This article provides a short description of the main Lucy concepts. For each concept, extended documentation is available in other articles.

The services mechanism

The Lucy back-end (ILcyLucyEnv) provides a mechanism for sharing objects between different parts of Lucy without creating a hard dependency between those parts. This mechanism is called the service mechanism.

You can see it as a giant bag: you can put objects in the bag with ILcyLucyEnv.addService(Object), and remove them from the bag with ILcyLucyEnv.removeService(Object). It is also possible to request from the bag all objects that extend or implement a certain class or interface.

An example use case of why it is important to have such a mechanism involves the Lucy map add-on: the map add-on has an action to load data on the map, which needs to support a lot of data formats. Loading data on the map requires model decoders and layer factories. You can make those model decoders and layer factories available as services. By letting the loading action delegate to the model decoder and layer factory services, the action can support all data formats. You can add support for an extra data format without changing any action code, by adding new model decoders and layer factories to the services.

In this scenario, the data format add-ons are the suppliers of the services, and the open action of the map add-on a consumer of those services.

See ILcyLucyEnv.getServices(Class) for more information, and for an overview of all types of objects which are available as service.

Summary: the service mechanism allows add-ons to register objects with a central registry, which can be queried and used by other add-ons. Doing so prevents hard dependencies between the different add-ons.

See The services documentation for more information.

Working with data

Lucy comes with support for opening data in a large number of formats — SHP, GeoJson, Dted, GeoTIFF, and so on — and connecting to a number of geospatial services: WMS, WFS, WCS, and so on. You can load data using both the UI and the API.

Furthermore, you can extend the UI and API functionality with support for your own business data.

See the Opening data in Lucy and Supporting a custom data format in Lucy documentation for more information.

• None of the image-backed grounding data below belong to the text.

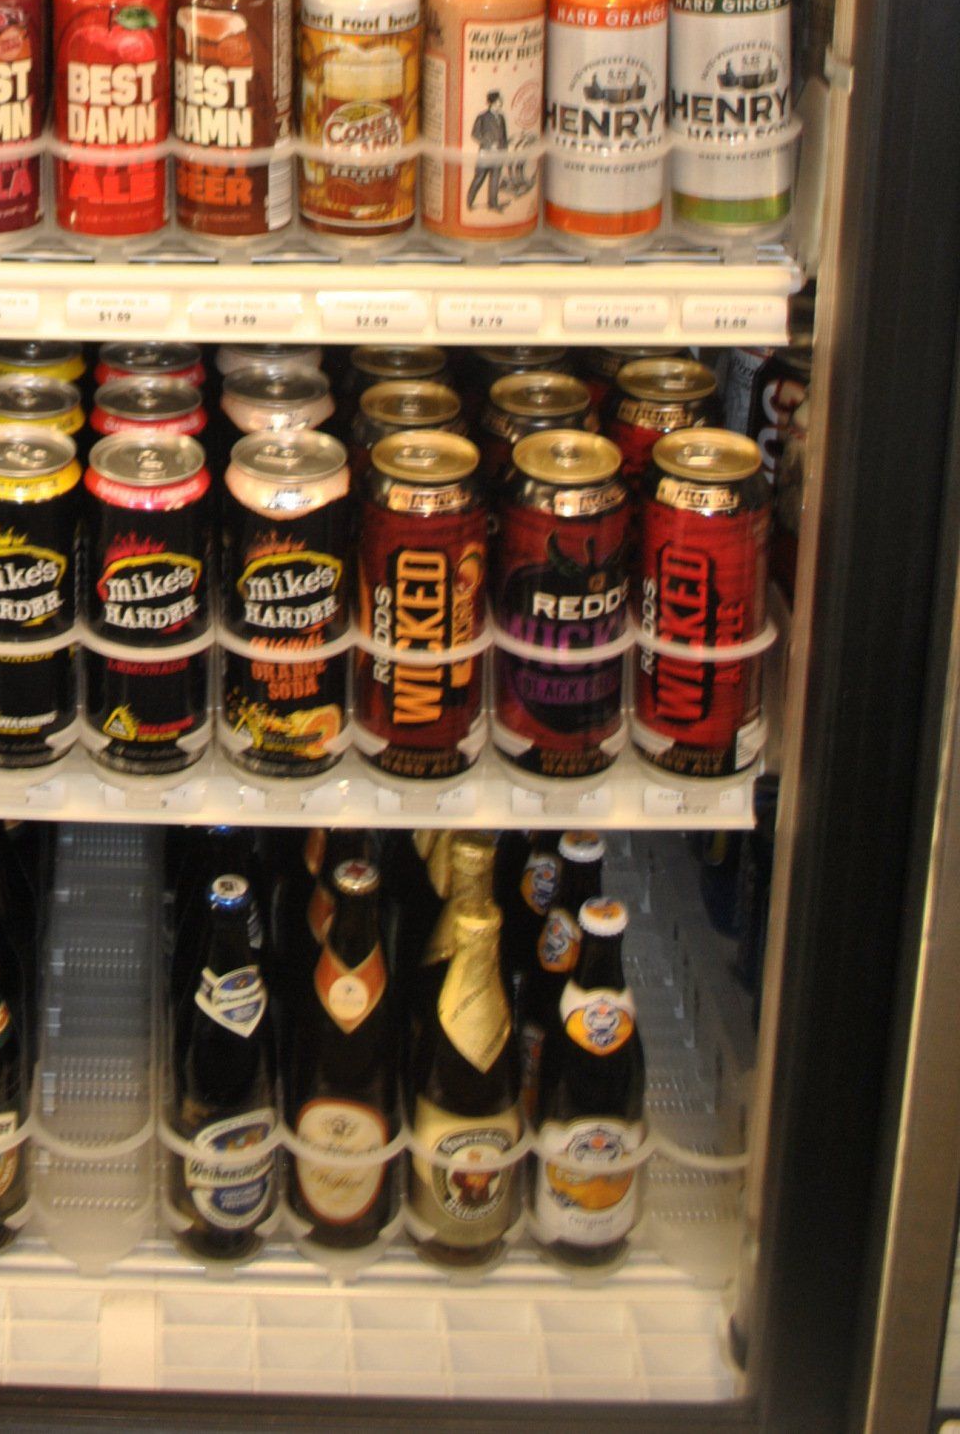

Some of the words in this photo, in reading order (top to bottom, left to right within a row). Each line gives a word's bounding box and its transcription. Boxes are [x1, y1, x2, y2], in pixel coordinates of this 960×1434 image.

[341, 17, 380, 30] root
[387, 13, 418, 29] beer
[558, 6, 597, 27] HARD
[605, 5, 667, 28] ORANGE
[469, 48, 512, 62] ROOT
[516, 44, 543, 60] BEE
[68, 61, 157, 107] BEST
[175, 58, 253, 108] BEST
[68, 102, 157, 145] DAMN
[175, 102, 253, 147] DAMN
[325, 115, 397, 141] CONEY
[69, 170, 157, 205] ALE
[177, 171, 253, 206] BEER
[106, 565, 196, 603] mike's
[246, 564, 336, 602] mike's
[104, 595, 198, 630] HARDER
[244, 595, 338, 630] HARDER
[393, 549, 448, 724] WICKED
[656, 546, 710, 720] WICKED
[268, 678, 320, 701] SODA

Tool bars, menu bars and popup menus

The Lucy UI contains a number of tool bars, menu bars and popup menus. In the Lucy API, those UI components are commonly referred to as action bars. You can add entries to the action bars, remove entries, or trigger the actions contained in there programmatically.

See the Action Bars documentation for more information.

The workspaces mechanism

Lucy users can store the state of the application in a so-called workspace. Later, they can return the application to the state in which they left off by re-loading the workspace.

They do not have to reset their GUI preferences, nor do they have to re-load their maps. The GUI layout is restored as it was in the previous session, maps are opened in their previous positioning, and additional data is reloaded as map layers.

See the Workspaces documentation for more information.

The map component concept

The maps in Lucy contain an ILcdView, but also:

  • A layer control that gives you an overview of which layers are currently loaded, allows you to re-order the layers, and so on.

  • A tool bar that contains buttons to activate different controllers, a combo box to change the projection of the view, and so on.

  • A menu bar that contains actions to print the map, open and save data, and so on.

All those concepts are bundled in an ILcyGenericMapComponent.